Return the data below unaltered, but strip out the pictures.

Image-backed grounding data
- - - -
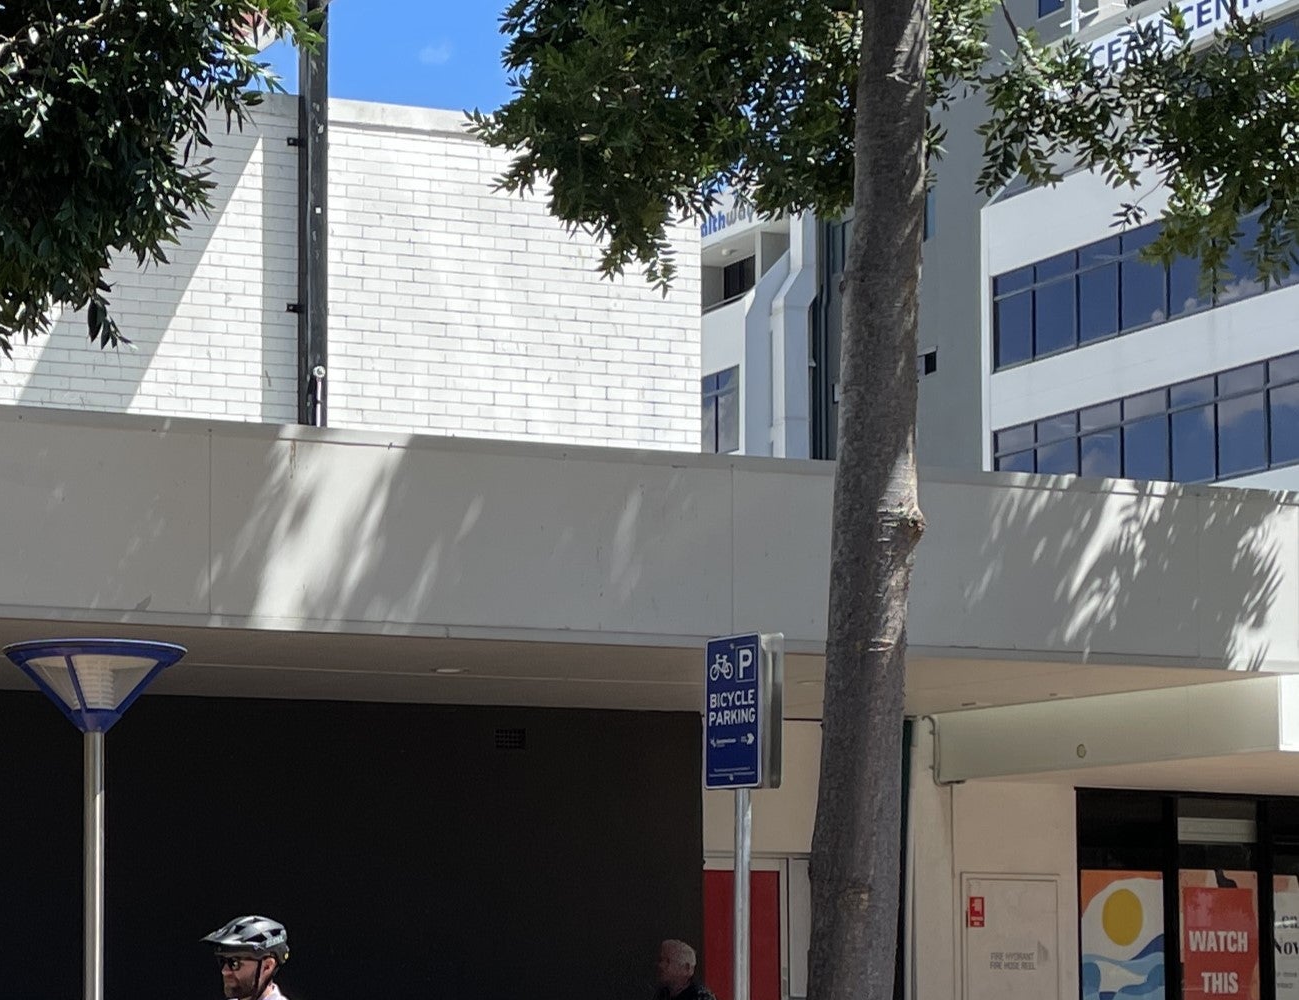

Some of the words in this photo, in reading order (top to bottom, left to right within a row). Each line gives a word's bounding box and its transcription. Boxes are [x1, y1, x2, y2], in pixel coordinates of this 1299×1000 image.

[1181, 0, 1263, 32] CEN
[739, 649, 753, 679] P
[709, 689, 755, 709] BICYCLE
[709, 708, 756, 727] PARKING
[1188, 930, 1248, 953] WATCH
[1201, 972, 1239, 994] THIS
- - - -
◆ The completed task
Some of the words in this photo, in reading order (top to bottom, left to right within a row). Each line gives a word's bounding box and its transcription. Boxes are [x1, y1, x2, y2], in pixel coordinates of this 1299×1000 image.

[1181, 0, 1263, 32] CEN
[739, 649, 753, 679] P
[709, 689, 755, 709] BICYCLE
[709, 708, 756, 727] PARKING
[1188, 930, 1248, 953] WATCH
[1201, 972, 1239, 994] THIS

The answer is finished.